A customized InTRO Request Tracker (RT) queue was designed to track categories of service types, client roles and departmental origins, and service providers referred in addition to standard work flow tracking. This customized information provided the data categories presented here. (Download the complete referral data; available in both PDF and XLSX formats.)
Clients contacted InTRO primarily remotely: Fourteen by email; four via the web-based service request form to the RT queue; and two by phone. Eight clients contacted InTRO in person, six of those during the office drop-in hours. Clients included tenure-track faculty (12), none-tenure-track faculty (8 instructors and adjuncts), one graduate teaching fellow, and program/administrative staff (7), which indicates a need for support across multiple segments of the campus community, with staff from individual programs making up an unexpected part of the total number.
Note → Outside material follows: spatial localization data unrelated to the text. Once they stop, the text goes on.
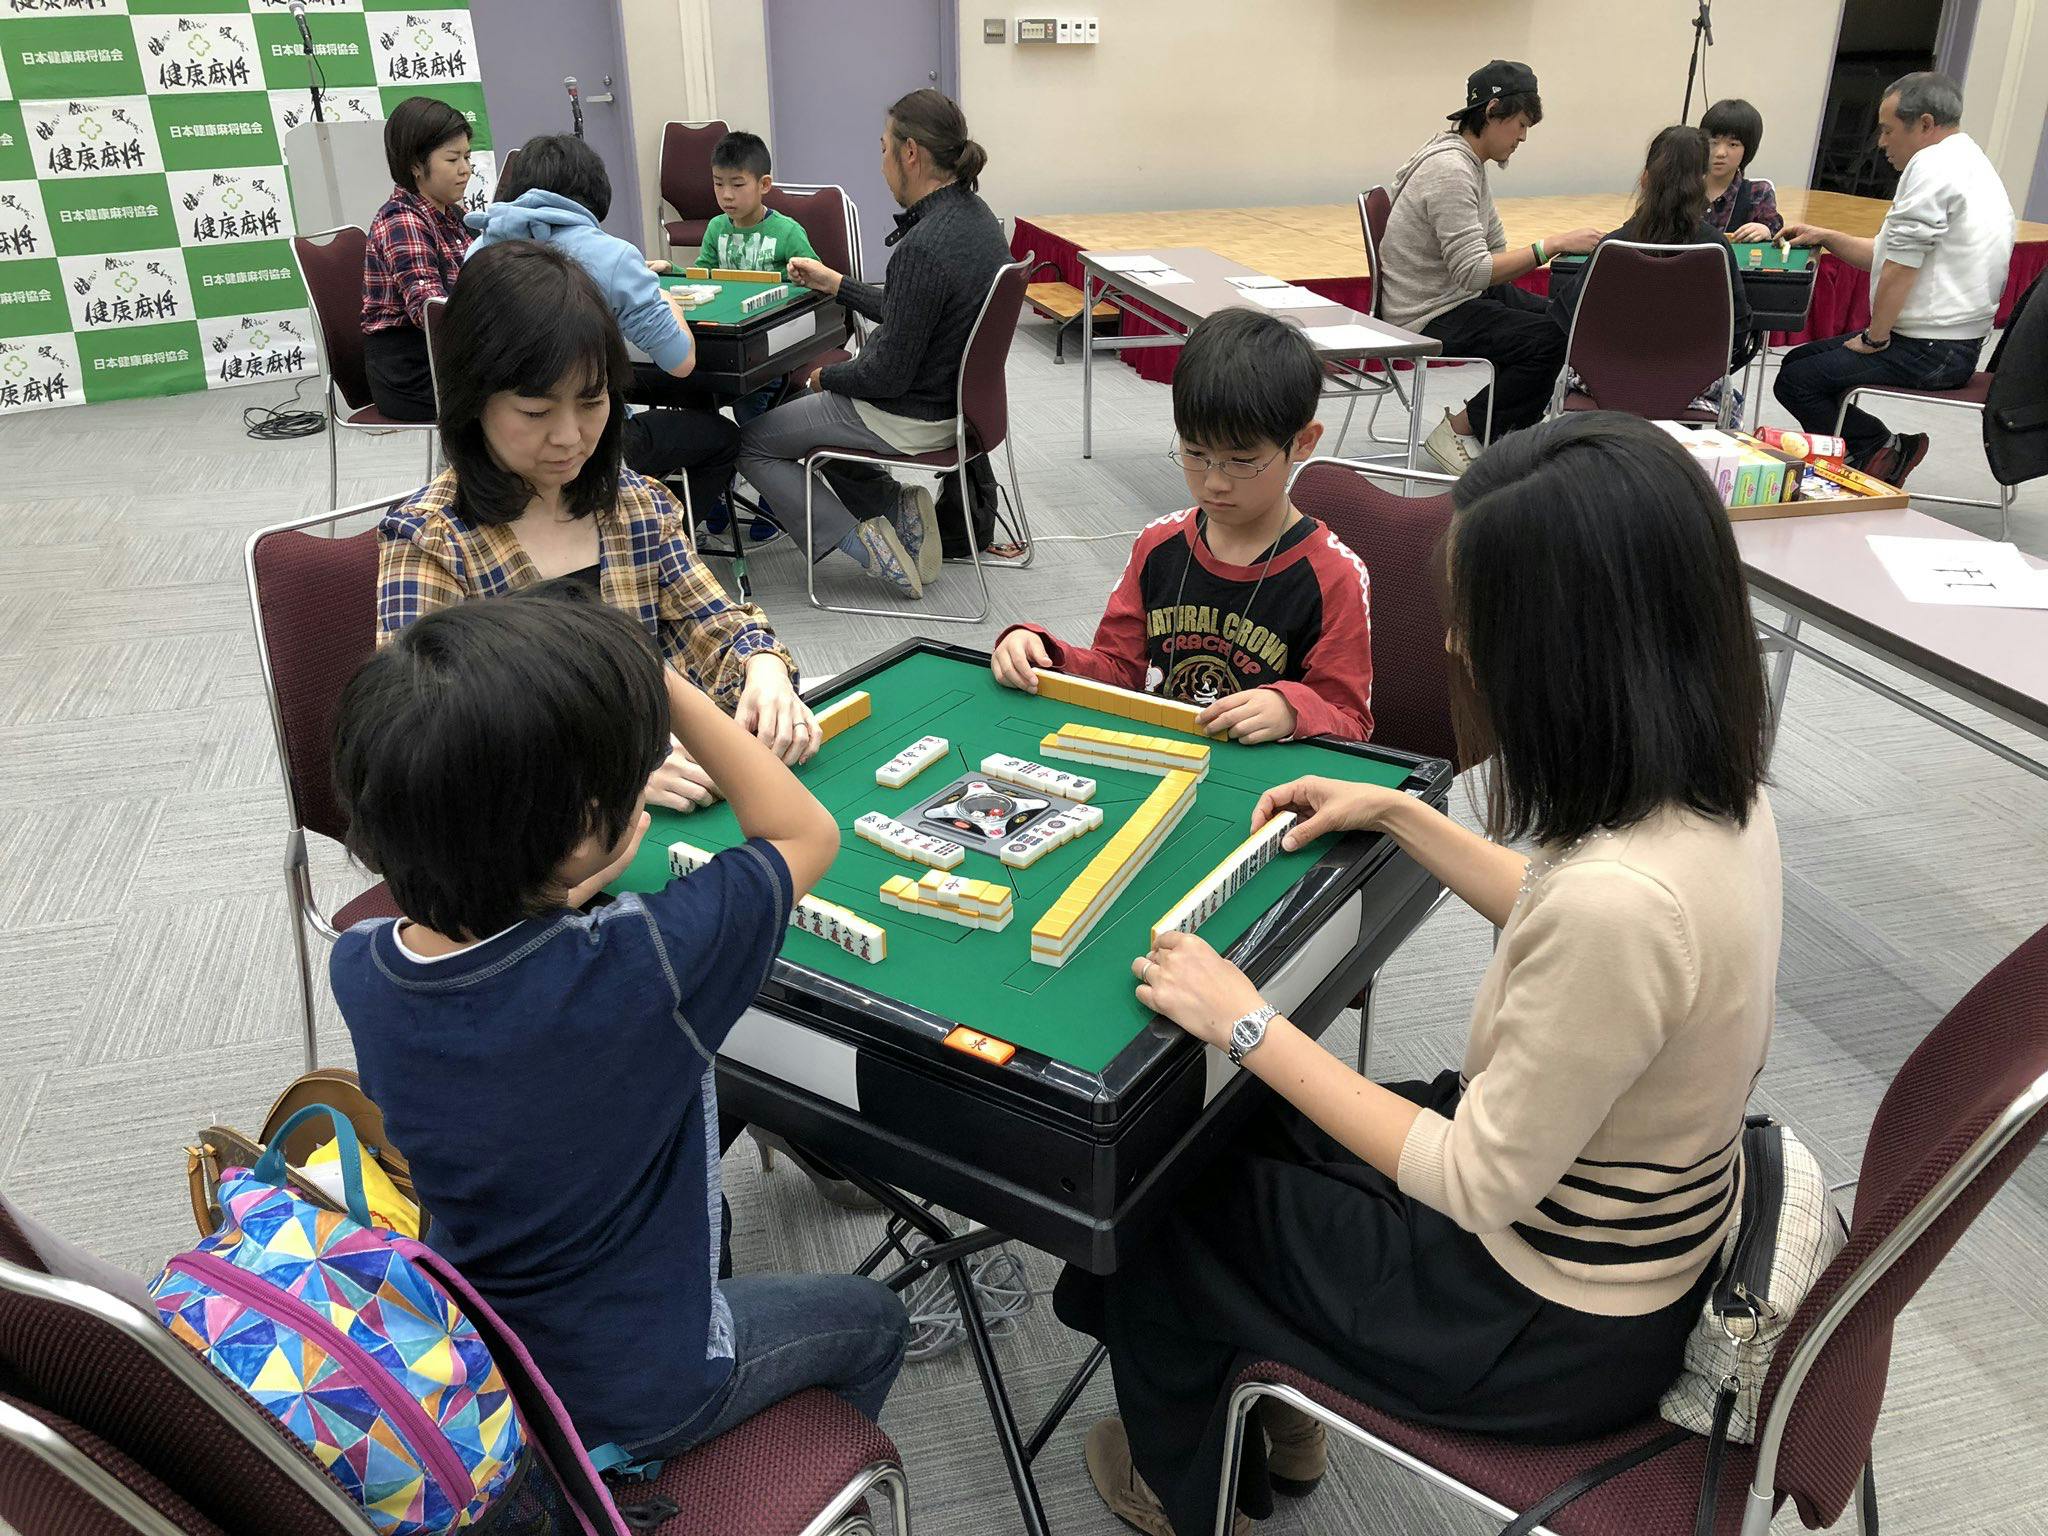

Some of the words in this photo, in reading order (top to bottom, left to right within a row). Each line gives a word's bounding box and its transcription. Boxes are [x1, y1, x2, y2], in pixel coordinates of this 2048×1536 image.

[22, 49, 124, 65] 日本健康麻将協会
[389, 49, 467, 81] 健康麻将
[160, 56, 250, 89] 健康麻将
[170, 122, 263, 137] 日本健康麻将協会
[49, 138, 145, 174] 健康麻将
[60, 205, 159, 223] 日本健康麻将協会
[193, 207, 281, 242] 健康麻将
[203, 268, 291, 287] 日本健康麻将協会
[85, 289, 178, 326] 健康麻将
[94, 349, 189, 370] 日本健康麻将協会
[220, 346, 306, 382] 健康麻将
[1232, 650, 1262, 675] UP
Projects were referred out for the following educational technology services: Multimedia Production (11); Online Course Development (10); Outreach/Presentations (6); Technology Support (5 Classroom, 5 Tools and Applications, and 4 Personal Device support), and Pedagogical Consultation (3). Other contacts ranged from general information inquiries, to an LMS design question, to a need for project management support to implement new instructional technology utilization.
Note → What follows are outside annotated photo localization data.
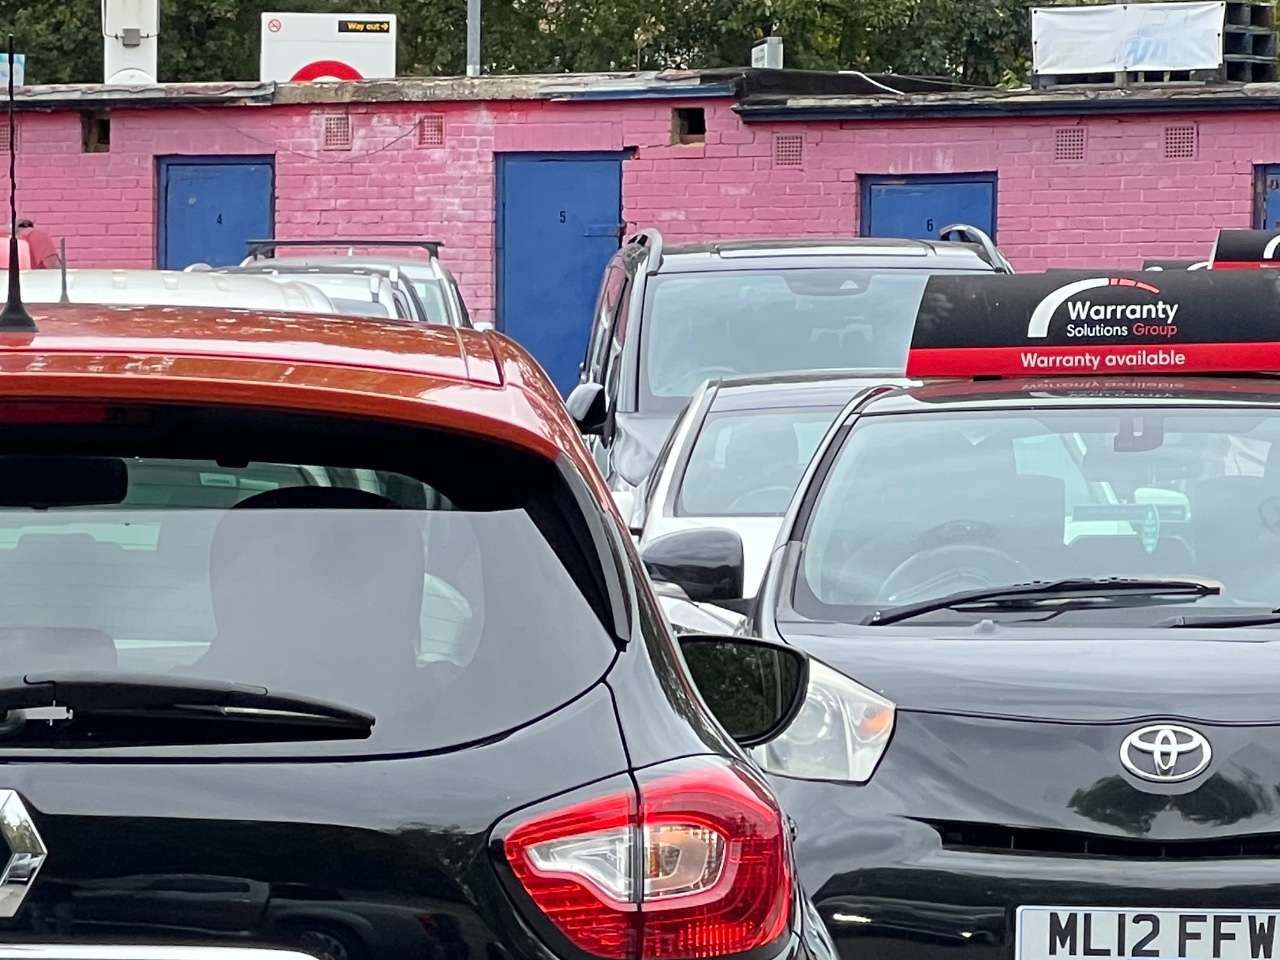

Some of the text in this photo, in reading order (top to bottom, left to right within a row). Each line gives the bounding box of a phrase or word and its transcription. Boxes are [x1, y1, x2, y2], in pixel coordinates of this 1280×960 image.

[347, 22, 381, 32] Way out
[216, 213, 222, 225] 4
[559, 210, 566, 224] 5
[926, 218, 933, 232] 6
[1067, 300, 1179, 324] Warranty
[1067, 323, 1177, 337] Solutions Group
[1020, 349, 1186, 370] Warranty available
[1048, 911, 1277, 959] ML12 FFW
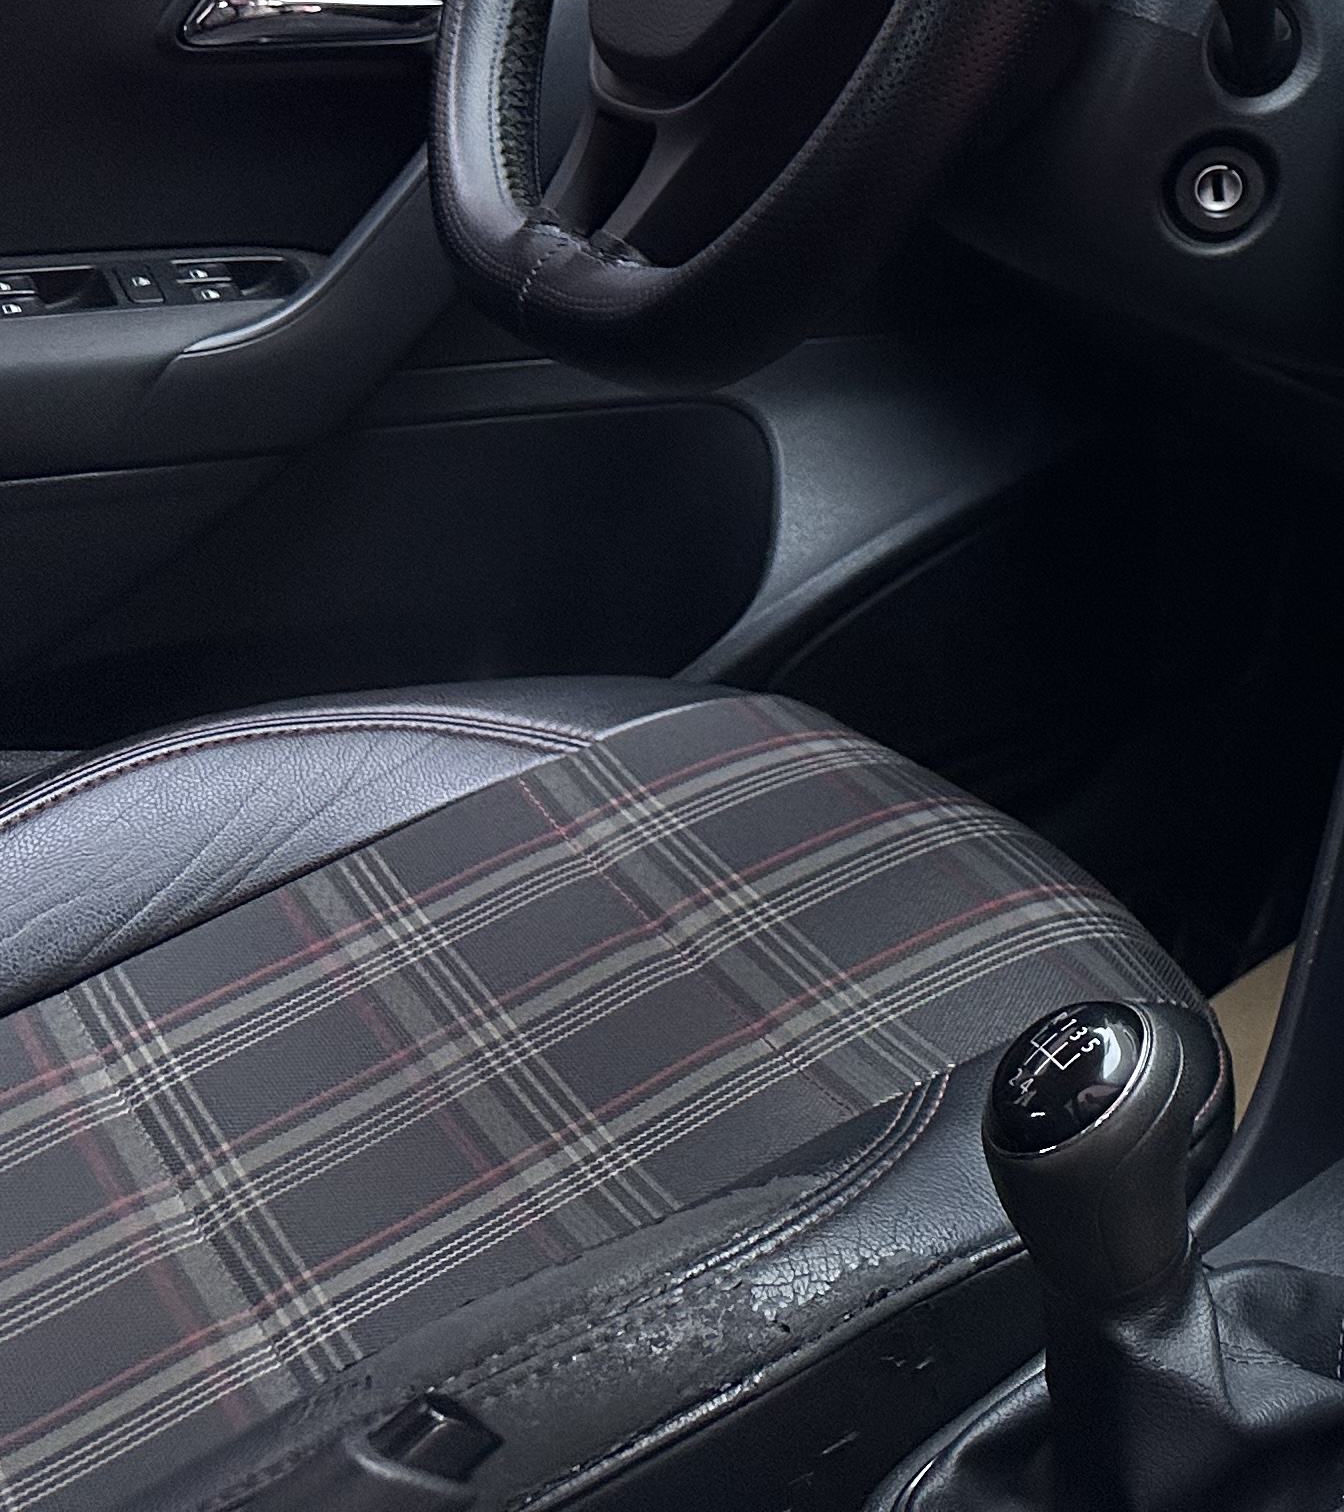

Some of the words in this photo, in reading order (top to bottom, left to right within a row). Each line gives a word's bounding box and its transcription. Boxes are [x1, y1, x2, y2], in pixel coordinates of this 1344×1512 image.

[1070, 1026, 1088, 1040] 3
[1080, 1037, 1101, 1052] 5
[1020, 1078, 1034, 1095] 4
Projects also originated from across campus, including College of Arts and Sciences departments (15), the Clarke Honors College, the Lundquist College of Business (2), and the School of Architecture and Allied Arts (3), as well as individual programs and administrative units (7). Referrals were made to central service providers as well as school/college support units, including CMET, CASIT, Information Services, TEP, Academic Extension, The Digital Scholarship Center and other UO Libraries units, Obaverse, the Office of Affirmative Action and Equal Opportunity, as well as to a small number of outside vendors.
A gap between services available for instructional staff and those for students is apparent. Several referral requests for technology information and training for graduate students (both GTF and non-GTF) suggest uneven access and outreach to this segment of the UO community.
AEI faculty remain an underserved group, possibly because of AEI’s position as an institute with a history of relative independence. Campus-wide support units have historically either been reticent to provide support or have found AEI staff a disproportionate drain on campus resources. With 70+ faculty teaching on campus each year, AEI faculty may continue to be perceived as a burden for service providers unless they are provided robust support through CASIT or alternative sources of support are provided. AEI support from CASIT has become regularized during AY2014-15 which should address this issue.
There is also a gap in educational technology support for faculty appointed solely to the Clark Honors College. General IT admin support is available, and the Honors College staff provides some direct assistance for technology use in Chapman Hall classrooms. Nevertheless, these faculty lack the comprehensive instructional technology assistance afforded to instructional staff in UO’s other schools and colleges.
Tracking of service requests, needs, and challenges within the ed tech environment at UO is made difficult by the inconsistent tracking of services across the many ed tech support units across campus. Request Tracker is a difficult application to use, designed primarily to track workflow, and dependent on significant programming support to utilize robustly. There are many high-quality tracking applications available on the market, which might be quite beneficial for improving service and ‘customer’ experience for faculty, staff, and students if implemented at an enterprise level.